Work item:
For this exercise, reproduce each entry below exactly, excluding pictures.

Information:
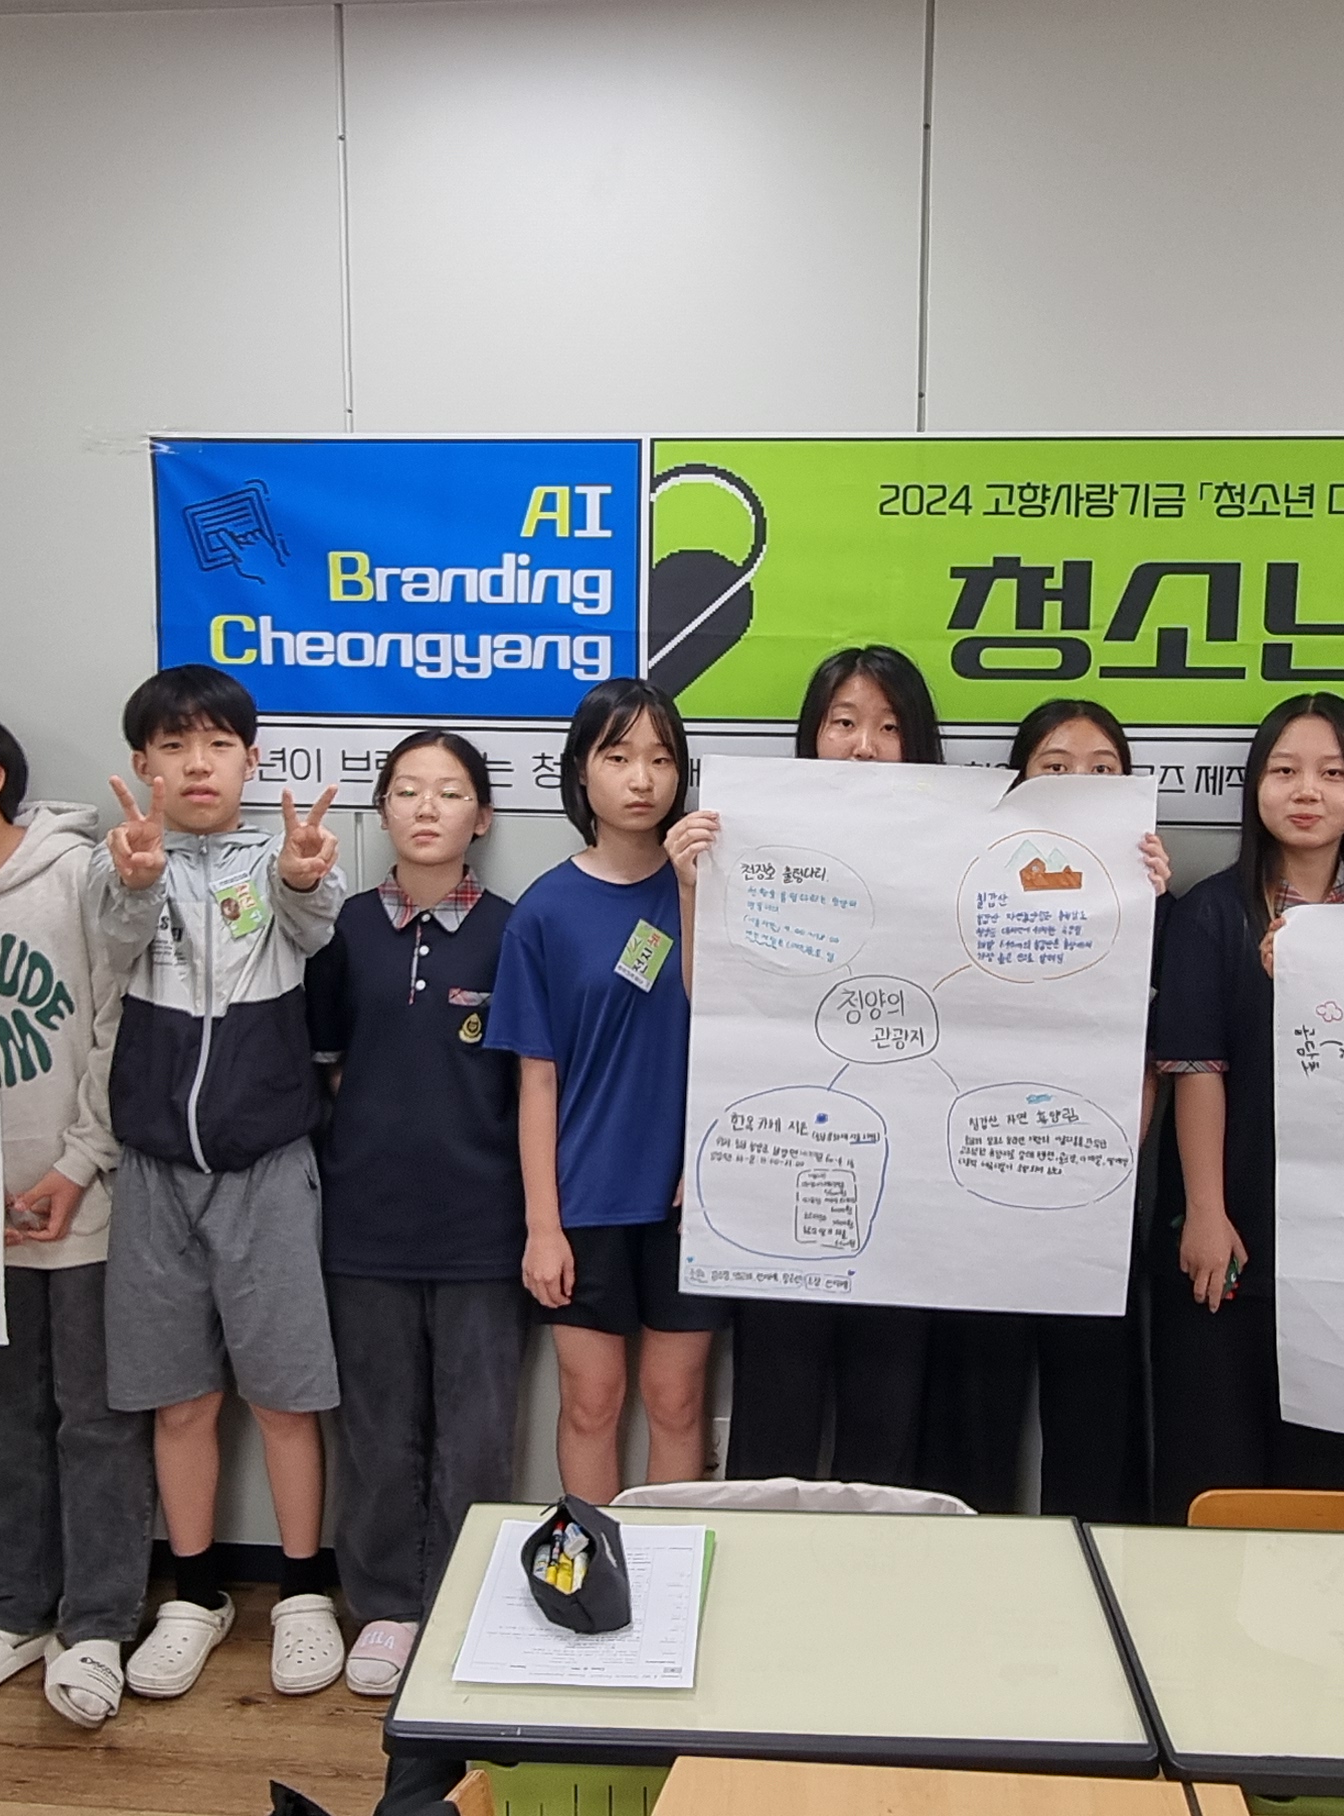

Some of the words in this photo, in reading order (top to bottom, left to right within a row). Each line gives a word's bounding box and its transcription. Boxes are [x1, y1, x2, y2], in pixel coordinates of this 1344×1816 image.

[521, 486, 612, 537] AI
[878, 484, 972, 517] 2024
[983, 482, 1186, 518] 고향사랑기금
[328, 551, 612, 615] Branding
[210, 614, 612, 681] Cheongyang
[837, 988, 906, 1025] 청양의
[870, 1026, 925, 1051] 관광지
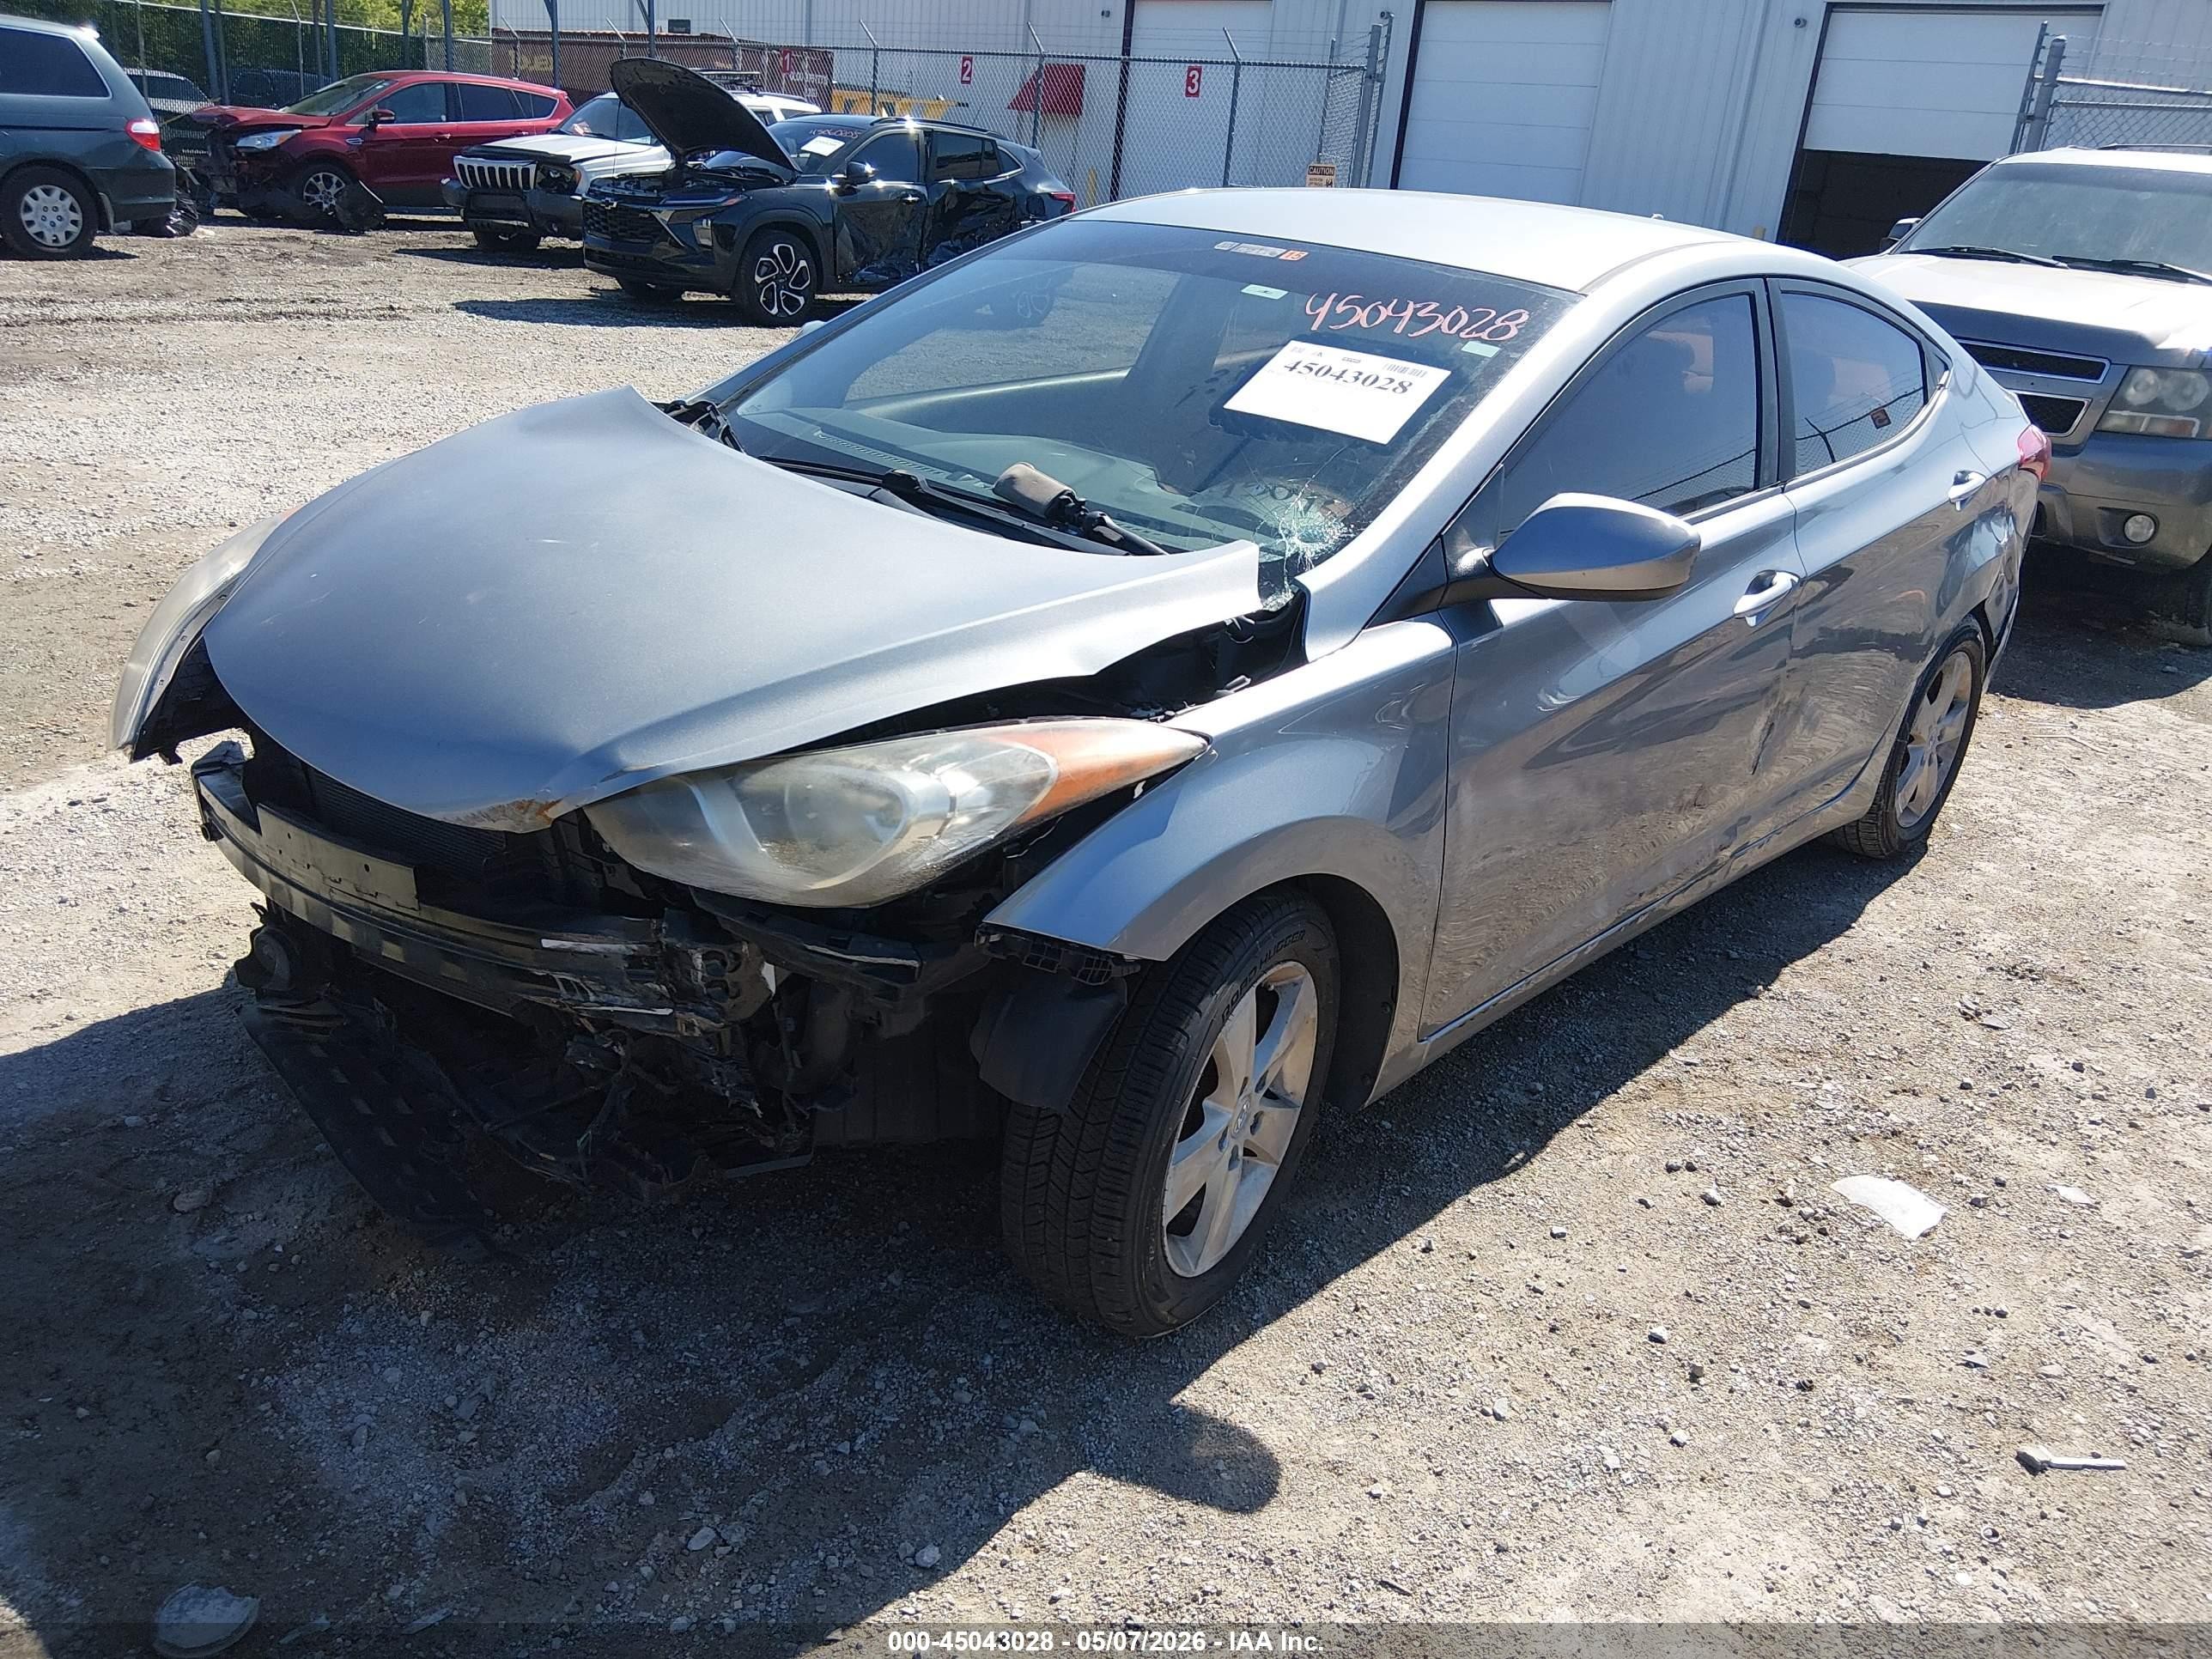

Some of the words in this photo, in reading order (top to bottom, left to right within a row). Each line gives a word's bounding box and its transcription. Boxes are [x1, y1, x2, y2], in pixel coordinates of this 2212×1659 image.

Response to this exercise:
Some of the words in this photo, in reading order (top to bottom, left to right within a row). Each line gives a word's bounding box and its transcription. Boxes are [x1, y1, x2, y2], in pixel coordinates of this 1344×1816 image.

[521, 486, 612, 537] AI
[878, 484, 972, 517] 2024
[983, 482, 1186, 518] 고향사랑기금
[328, 551, 612, 615] Branding
[210, 614, 612, 681] Cheongyang
[837, 988, 906, 1025] 청양의
[870, 1026, 925, 1051] 관광지

Some of the words in this photo, in reading order (top to bottom, left to right within a row). Each line gives a word's bounding box and its transcription. Boxes are [x1, y1, x2, y2], in pixel coordinates of this 2212×1659 image.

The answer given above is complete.